Faire de notre amour une tombe profonde
Où parfums, sons, couleurs, s'épuisent, enfermés;
Abolir l'éphémère, envelopper les mondes.
N'être plus, être toi, dormir, mourir, aimer!...

Les Forces Eternelles

612. C'était la solitude - S'il est quelque autre chose au monde

C'ETAIT LA SOLITUDE...


C'était la solitude et sa féconde ivresse ;
Le vent des ciels du soir, plein d'une ample vigueur,
De la nue à la terre élançait ses caresses :
Je recevais avec une avide allégresse
Cet univers dissous qui pénétrait mon cœur !

Et l'espace, et l'espoir, et l'éternité même
Devenaient familiers à mon docile esprit ;
Les astres décelaient d'ineffables problèmes
A cette âme attentive où rien n'est circonscrit.

— Alors, me surprenant, — o toi qui seul existes, —
Amour, iniquité sublime, tu survins,
Chasseur turbulent, voleur jaloux et triste,
Fier de ton indigence et du désir divin.

Tu dispersas l’immense et vivant paysage
Qui sous mon front séduit mettait ses bonds légers ;
Et, pitoyable autant que féroce et sauvage,
Tu fixas dans cet être, à jamais ravagé,
La bonté de tes mains et l'air de ton visage...

S'IL EST QUELQUE AUTRE CHOSE AU MONDE...

S'il est quelque autre chose au monde que l'amour,
S'il est quelque autre attrait, quelque autre récompense,
A travers la multiple et prodigue dépense
Que l'homme fait de soi, en luttant, chaque jour,

Si l'effort, le labeur, la fierté, la justice,
Ont, dans leurs vœux secrets, un but plus convoité
Que celui de l'auguste et triste volupté
Où la force et l'espoir des âmes aboutissent,

Dites-le-moi, Nature, ordre divin des jours.
Triomphale douceur du printemps qui s'élance,
Dites-le, mouvement onduleux du silence
Où les sons assoupis rêvent, puissants et sourds !

Dites-le, nuits d'été où les astres s'empressent,
Et, par leur insistant et net crépitement,
Guident l'être, ébloui d'un immense tourment,
Vers l'orage et la paix des étroites caresses !

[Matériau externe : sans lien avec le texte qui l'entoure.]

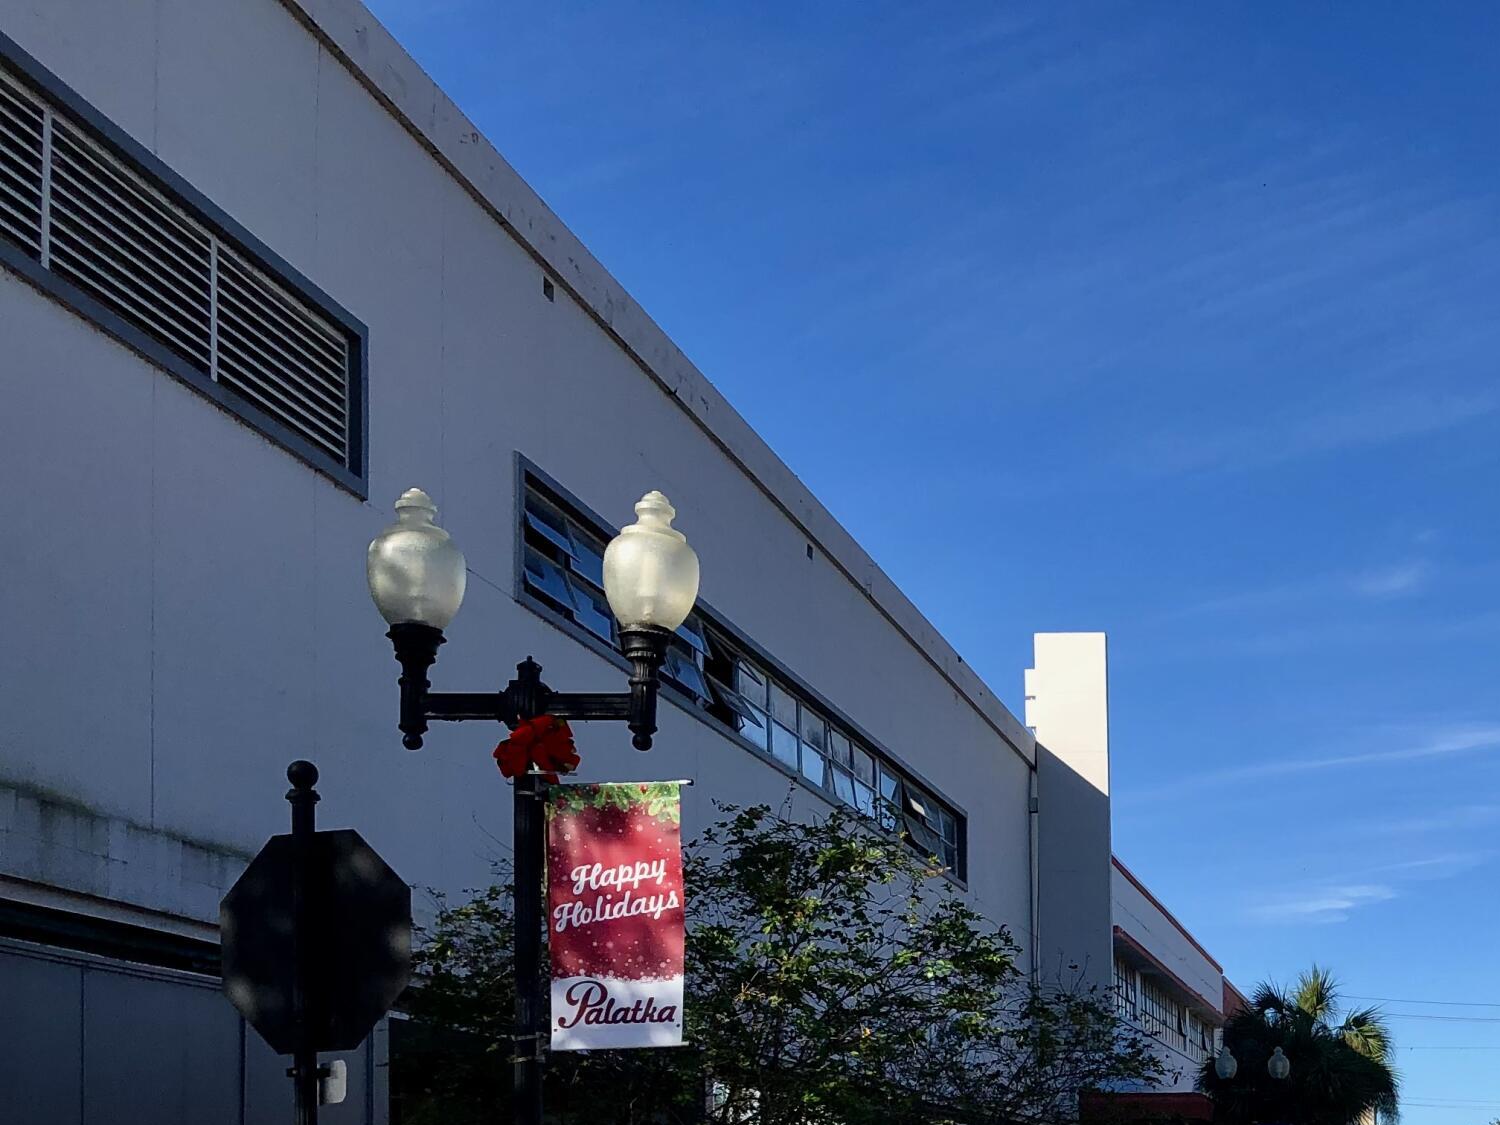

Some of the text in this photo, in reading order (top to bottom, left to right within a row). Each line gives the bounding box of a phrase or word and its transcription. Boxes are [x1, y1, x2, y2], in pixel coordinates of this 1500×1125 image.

Dites-le-nous ! Ouvrez notre humaine prison,
Enseignez-nous ! Sinon, la hantise éternelle
Qui jaillit de l'instinct, que nourrit la raison,
Ne connaîtra jamais, en ses nobles saisons,
Que ce vacillement enflammé des prunelles,
Où l'univers sans but offre aux corps anxieux
La présence terrible et suave d'un dieu !

Les Forces Eternelles

611. Puisque nos sorts furtifs - Complainte

PUISQUE NOS SORTS FURTIFS..


Puisque nos sorts furtifs et toujours en péril
N'ont pas la même route et pas le même toit,
Mélancolique ami, mon compagnon d'exil,
N'entendrai-je jamais de musique avec toi ?

Ne serons-nous jamais roulés au creux des vagues
Que Chopin fait gémir dans ses profonds nocturnes,
Quand sa houle oppressée et son flot qui divague
Semblent un ouragan enfermé dans une urne ?

Ne verrai-je jamais, quand les chants de Mozart
Penchent leur politesse et leurs courtois saluts,
S'élargir lentement ton ténébreux regard
Où le profond désir luit comme un jour élu ?

— Musique aux bras ouverts, mère des convoitises,
Par quel secret soleil, quelle chaleur fatale,
Faites-vous se gonfler, sous vos torrides brises,
Les bouches dont on croit voir frémir les pétales ?

Quel est ce point du cœur que vous venez toucher,
Par qui tout l'édifice humain est chancelant,
Musique, conseillère et pardon des péchés,
Vous en qui le divin au mal va se mêlant !

Quel est votre souhait, sublime envahisseuse,
Pour que les solennels visages de ces femmes.
Pour que leur pureté ait cette audacieuse,
Cette agressive ardeur qui souffre et qui réclame ?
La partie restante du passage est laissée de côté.